───── DATA IN THIS EXERCISE ─────

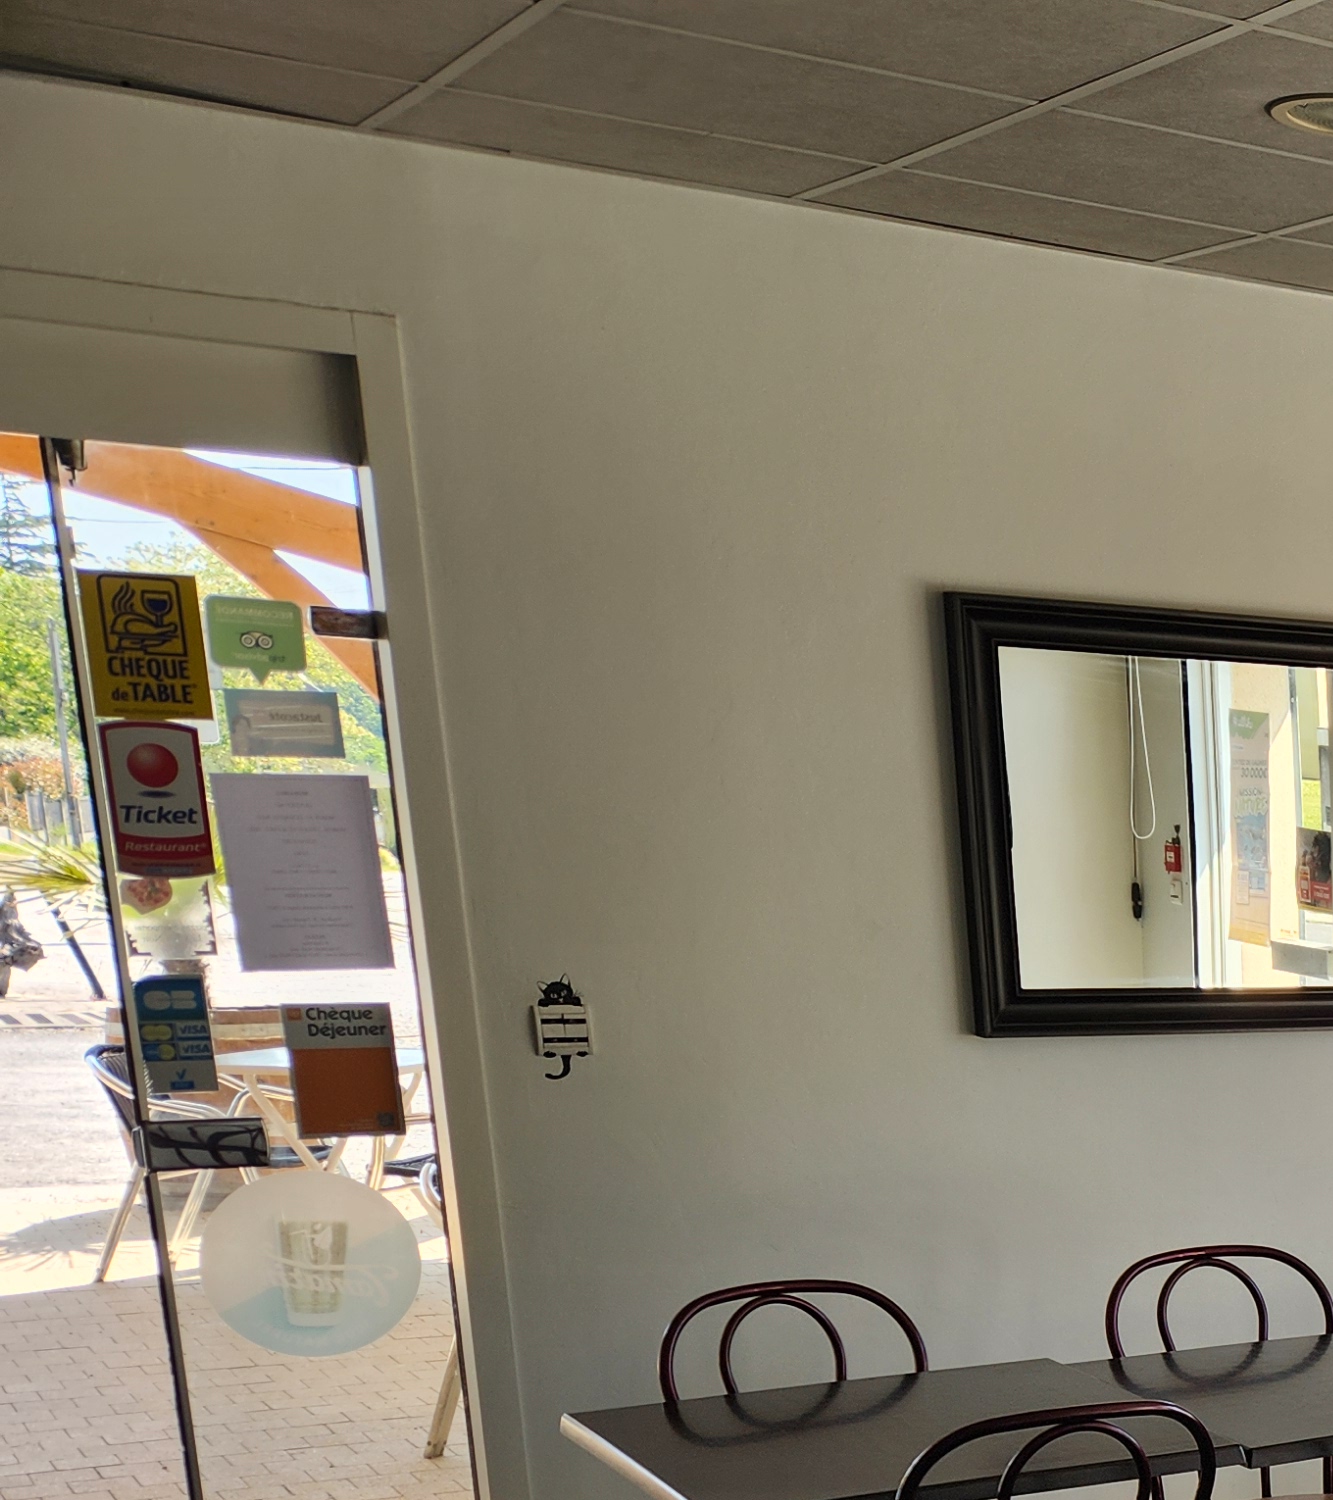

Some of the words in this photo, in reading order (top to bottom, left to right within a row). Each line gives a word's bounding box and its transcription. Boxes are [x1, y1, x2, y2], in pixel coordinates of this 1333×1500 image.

[107, 656, 190, 681] CHEQUE
[112, 687, 128, 702] de
[120, 805, 198, 824] Ticket
[305, 1006, 373, 1022] Chèque
[179, 1024, 208, 1034] VISA
[307, 1022, 387, 1039] Déjeuner
[182, 1044, 210, 1053] VISA
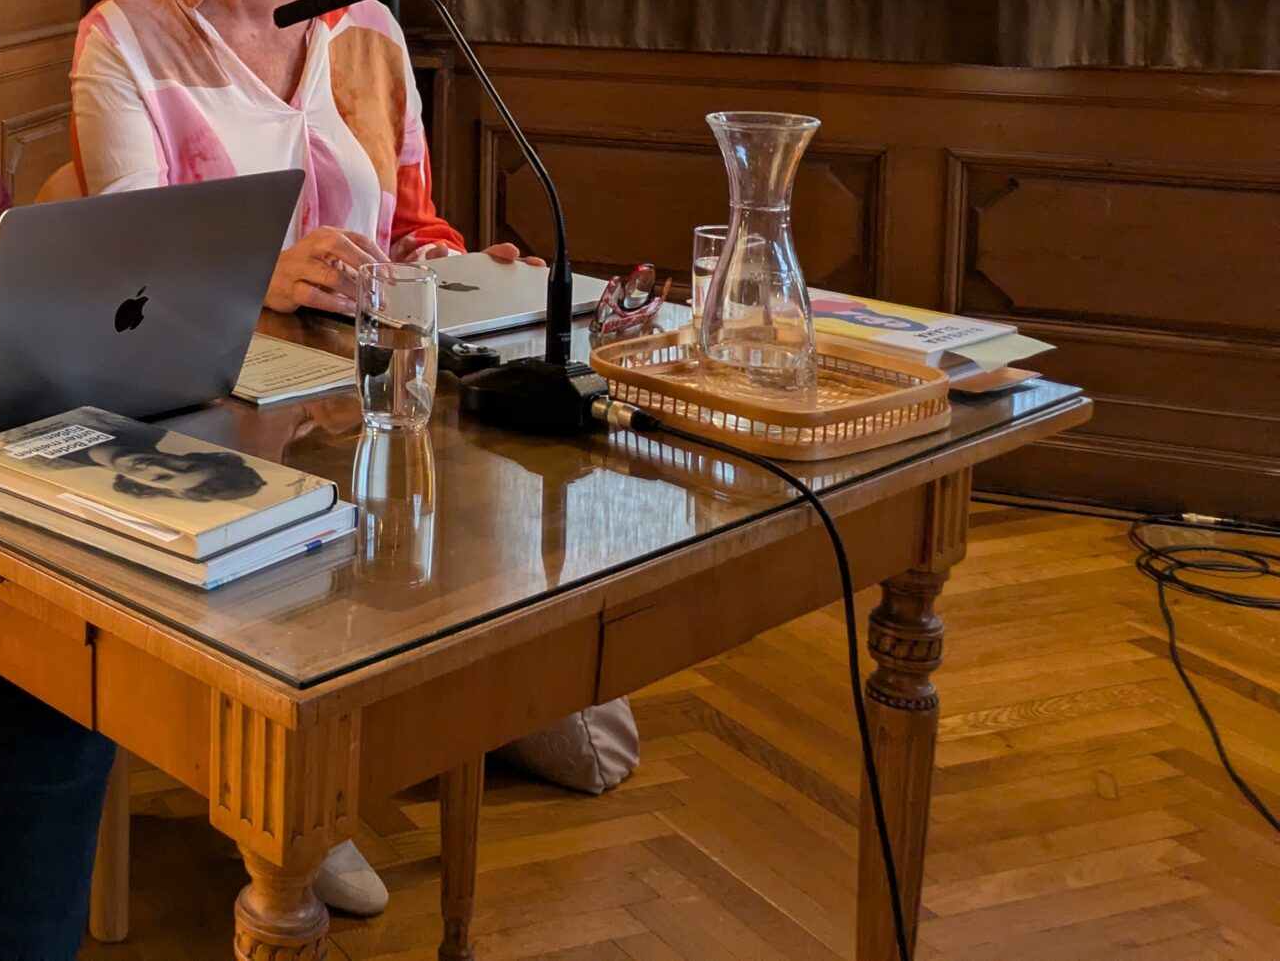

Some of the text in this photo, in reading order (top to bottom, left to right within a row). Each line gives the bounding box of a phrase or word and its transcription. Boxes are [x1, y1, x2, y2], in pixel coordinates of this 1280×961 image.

─────

:: TASK ::
Transcribe every entry above exactly as it stands, but skip the images.

:: ANSWER TO THIS PROBLEM ::
Some of the words in this photo, in reading order (top to bottom, left to right within a row). Each line gives a word's bounding box and its transcription. Boxes are [x1, y1, x2, y2], in pixel coordinates of this 1333×1500 image.

[107, 656, 190, 681] CHEQUE
[112, 687, 128, 702] de
[120, 805, 198, 824] Ticket
[305, 1006, 373, 1022] Chèque
[179, 1024, 208, 1034] VISA
[307, 1022, 387, 1039] Déjeuner
[182, 1044, 210, 1053] VISA

Some of the text in this photo, in reading order (top to bottom, left to right within a row). Each line gives the bounding box of a phrase or word and its transcription. Boxes are [x1, y1, x2, y2], in pixel coordinates of this 1280×961 image.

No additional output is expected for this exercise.